▶ [ABOUT THIS EXERCISE]
Set down only what runs from the line containing "this 1280×1707 image." through the last line of the data, exactly as it reads.

[Data extracted from a collection]
== Segment start ==
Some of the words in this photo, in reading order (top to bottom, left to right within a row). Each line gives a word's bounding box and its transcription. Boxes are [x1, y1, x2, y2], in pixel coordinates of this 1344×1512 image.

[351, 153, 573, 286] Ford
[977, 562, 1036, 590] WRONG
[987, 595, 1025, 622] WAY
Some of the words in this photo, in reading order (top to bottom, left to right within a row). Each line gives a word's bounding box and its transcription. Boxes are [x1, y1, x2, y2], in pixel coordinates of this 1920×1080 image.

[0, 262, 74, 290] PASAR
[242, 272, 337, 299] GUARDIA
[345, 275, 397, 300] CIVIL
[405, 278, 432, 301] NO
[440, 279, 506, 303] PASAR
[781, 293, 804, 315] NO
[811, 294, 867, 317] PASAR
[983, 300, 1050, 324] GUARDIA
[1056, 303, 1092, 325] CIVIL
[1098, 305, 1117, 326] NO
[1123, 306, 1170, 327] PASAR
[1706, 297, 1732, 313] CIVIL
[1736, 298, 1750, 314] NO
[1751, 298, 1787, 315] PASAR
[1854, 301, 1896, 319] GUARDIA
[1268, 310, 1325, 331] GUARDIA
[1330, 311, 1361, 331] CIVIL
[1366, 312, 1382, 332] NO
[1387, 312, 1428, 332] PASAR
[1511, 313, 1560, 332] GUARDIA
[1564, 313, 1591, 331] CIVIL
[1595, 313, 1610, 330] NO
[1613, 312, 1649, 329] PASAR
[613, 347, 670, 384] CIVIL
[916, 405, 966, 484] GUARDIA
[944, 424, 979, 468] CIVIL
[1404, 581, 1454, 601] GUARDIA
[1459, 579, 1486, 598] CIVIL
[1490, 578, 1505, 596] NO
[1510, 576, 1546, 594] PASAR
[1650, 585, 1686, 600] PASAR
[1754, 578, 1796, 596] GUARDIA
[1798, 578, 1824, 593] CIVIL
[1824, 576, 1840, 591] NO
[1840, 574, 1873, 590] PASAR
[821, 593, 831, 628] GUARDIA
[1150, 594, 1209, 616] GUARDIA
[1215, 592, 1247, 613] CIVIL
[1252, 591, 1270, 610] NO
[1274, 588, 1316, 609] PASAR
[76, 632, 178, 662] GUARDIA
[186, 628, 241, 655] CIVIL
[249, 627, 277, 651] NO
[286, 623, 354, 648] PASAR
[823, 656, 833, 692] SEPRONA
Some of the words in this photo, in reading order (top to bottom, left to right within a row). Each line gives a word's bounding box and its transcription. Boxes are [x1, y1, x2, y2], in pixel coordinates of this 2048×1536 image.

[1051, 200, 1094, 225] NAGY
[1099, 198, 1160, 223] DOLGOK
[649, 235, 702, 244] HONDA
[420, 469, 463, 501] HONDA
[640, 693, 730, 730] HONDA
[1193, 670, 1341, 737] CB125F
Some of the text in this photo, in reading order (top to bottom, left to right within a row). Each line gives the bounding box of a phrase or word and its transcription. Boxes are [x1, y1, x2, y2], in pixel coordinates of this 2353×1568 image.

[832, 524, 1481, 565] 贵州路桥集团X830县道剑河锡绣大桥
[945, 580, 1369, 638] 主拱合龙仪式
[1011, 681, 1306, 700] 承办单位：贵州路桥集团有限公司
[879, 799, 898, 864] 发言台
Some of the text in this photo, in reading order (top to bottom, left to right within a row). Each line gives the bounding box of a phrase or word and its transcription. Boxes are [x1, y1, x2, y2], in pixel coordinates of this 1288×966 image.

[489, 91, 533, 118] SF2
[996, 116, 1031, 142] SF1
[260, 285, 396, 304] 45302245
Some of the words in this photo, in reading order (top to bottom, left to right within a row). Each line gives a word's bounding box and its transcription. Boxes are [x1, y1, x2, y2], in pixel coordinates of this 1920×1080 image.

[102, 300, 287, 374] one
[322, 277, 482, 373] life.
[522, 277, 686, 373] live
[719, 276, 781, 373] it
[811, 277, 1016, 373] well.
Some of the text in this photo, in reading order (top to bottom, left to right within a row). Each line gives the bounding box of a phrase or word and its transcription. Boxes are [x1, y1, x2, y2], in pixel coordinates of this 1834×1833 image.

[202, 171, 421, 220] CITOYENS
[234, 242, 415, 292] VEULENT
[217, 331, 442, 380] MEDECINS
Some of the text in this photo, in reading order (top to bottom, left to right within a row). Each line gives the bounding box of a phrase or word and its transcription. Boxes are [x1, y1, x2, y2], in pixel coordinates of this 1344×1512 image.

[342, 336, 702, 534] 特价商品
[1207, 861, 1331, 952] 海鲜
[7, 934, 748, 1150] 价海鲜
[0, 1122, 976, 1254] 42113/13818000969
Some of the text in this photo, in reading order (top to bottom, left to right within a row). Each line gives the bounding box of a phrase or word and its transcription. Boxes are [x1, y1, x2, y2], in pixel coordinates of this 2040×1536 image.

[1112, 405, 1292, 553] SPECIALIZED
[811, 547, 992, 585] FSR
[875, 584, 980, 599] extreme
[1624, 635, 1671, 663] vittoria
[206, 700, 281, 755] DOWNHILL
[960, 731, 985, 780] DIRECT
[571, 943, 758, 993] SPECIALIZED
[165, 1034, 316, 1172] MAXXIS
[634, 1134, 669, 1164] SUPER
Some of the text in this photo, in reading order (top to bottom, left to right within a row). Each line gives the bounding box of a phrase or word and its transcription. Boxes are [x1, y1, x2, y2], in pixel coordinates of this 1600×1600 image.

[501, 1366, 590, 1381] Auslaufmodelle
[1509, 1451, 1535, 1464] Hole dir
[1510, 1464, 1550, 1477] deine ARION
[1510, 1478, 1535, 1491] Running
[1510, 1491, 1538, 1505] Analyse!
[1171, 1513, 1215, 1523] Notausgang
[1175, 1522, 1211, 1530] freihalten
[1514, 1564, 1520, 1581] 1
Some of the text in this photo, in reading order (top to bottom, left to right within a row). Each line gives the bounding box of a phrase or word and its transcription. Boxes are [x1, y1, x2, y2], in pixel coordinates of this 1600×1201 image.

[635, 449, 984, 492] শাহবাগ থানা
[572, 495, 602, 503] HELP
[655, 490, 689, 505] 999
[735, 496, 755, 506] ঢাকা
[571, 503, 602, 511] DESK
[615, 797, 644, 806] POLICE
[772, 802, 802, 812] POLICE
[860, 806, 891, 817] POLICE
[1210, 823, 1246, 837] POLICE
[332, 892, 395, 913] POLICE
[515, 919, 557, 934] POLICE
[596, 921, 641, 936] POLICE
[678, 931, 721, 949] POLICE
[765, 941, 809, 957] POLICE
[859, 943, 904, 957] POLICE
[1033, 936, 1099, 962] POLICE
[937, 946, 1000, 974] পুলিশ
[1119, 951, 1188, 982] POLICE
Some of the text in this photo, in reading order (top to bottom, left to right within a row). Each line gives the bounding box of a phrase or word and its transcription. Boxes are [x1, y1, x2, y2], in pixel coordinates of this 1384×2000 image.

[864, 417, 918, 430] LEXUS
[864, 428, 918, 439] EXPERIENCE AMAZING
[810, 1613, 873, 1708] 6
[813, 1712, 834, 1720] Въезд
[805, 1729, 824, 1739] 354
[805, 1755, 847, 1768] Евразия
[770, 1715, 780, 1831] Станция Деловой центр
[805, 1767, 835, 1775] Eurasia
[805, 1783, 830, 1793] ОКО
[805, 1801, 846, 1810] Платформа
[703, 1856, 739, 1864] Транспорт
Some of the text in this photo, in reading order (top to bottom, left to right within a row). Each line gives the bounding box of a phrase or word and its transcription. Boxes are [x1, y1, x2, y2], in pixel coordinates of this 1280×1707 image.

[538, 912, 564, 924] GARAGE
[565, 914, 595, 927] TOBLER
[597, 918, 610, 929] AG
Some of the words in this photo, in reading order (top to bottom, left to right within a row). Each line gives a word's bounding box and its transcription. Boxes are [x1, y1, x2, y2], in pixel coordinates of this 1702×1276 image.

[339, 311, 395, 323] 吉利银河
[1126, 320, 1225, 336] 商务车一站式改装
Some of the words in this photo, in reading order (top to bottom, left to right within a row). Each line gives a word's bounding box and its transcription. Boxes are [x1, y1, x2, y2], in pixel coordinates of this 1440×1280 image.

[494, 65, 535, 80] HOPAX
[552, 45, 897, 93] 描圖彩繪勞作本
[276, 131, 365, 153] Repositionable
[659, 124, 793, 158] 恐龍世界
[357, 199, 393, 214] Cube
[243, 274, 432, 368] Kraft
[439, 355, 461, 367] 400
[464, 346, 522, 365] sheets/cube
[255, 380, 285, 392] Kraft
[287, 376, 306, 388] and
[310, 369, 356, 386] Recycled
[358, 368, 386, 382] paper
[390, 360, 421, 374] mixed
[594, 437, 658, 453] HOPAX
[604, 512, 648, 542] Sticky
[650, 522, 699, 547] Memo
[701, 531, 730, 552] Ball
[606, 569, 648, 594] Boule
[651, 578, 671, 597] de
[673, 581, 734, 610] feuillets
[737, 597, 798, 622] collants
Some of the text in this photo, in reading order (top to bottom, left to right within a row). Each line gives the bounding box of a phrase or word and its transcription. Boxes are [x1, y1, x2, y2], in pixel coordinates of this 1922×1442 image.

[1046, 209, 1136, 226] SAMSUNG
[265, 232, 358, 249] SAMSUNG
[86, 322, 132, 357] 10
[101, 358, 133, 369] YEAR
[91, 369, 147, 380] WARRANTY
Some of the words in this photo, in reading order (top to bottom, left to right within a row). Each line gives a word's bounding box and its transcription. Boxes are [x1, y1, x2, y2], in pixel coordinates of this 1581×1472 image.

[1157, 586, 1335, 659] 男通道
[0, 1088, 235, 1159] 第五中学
== Segment end ==
▶ [YOUR SOLUTION]
Some of the text in this photo, in reading order (top to bottom, left to right within a row). Each line gives the bounding box of a phrase or word and its transcription. Boxes are [x1, y1, x2, y2], in pixel coordinates of this 1280×1707 image.

[538, 912, 564, 924] GARAGE
[565, 914, 595, 927] TOBLER
[597, 918, 610, 929] AG
Some of the words in this photo, in reading order (top to bottom, left to right within a row). Each line gives a word's bounding box and its transcription. Boxes are [x1, y1, x2, y2], in pixel coordinates of this 1702×1276 image.

[339, 311, 395, 323] 吉利银河
[1126, 320, 1225, 336] 商务车一站式改装
Some of the words in this photo, in reading order (top to bottom, left to right within a row). Each line gives a word's bounding box and its transcription. Boxes are [x1, y1, x2, y2], in pixel coordinates of this 1440×1280 image.

[494, 65, 535, 80] HOPAX
[552, 45, 897, 93] 描圖彩繪勞作本
[276, 131, 365, 153] Repositionable
[659, 124, 793, 158] 恐龍世界
[357, 199, 393, 214] Cube
[243, 274, 432, 368] Kraft
[439, 355, 461, 367] 400
[464, 346, 522, 365] sheets/cube
[255, 380, 285, 392] Kraft
[287, 376, 306, 388] and
[310, 369, 356, 386] Recycled
[358, 368, 386, 382] paper
[390, 360, 421, 374] mixed
[594, 437, 658, 453] HOPAX
[604, 512, 648, 542] Sticky
[650, 522, 699, 547] Memo
[701, 531, 730, 552] Ball
[606, 569, 648, 594] Boule
[651, 578, 671, 597] de
[673, 581, 734, 610] feuillets
[737, 597, 798, 622] collants
Some of the text in this photo, in reading order (top to bottom, left to right within a row). Each line gives the bounding box of a phrase or word and its transcription. Boxes are [x1, y1, x2, y2], in pixel coordinates of this 1922×1442 image.

[1046, 209, 1136, 226] SAMSUNG
[265, 232, 358, 249] SAMSUNG
[86, 322, 132, 357] 10
[101, 358, 133, 369] YEAR
[91, 369, 147, 380] WARRANTY
Some of the words in this photo, in reading order (top to bottom, left to right within a row). Each line gives a word's bounding box and its transcription. Boxes are [x1, y1, x2, y2], in pixel coordinates of this 1581×1472 image.

[1157, 586, 1335, 659] 男通道
[0, 1088, 235, 1159] 第五中学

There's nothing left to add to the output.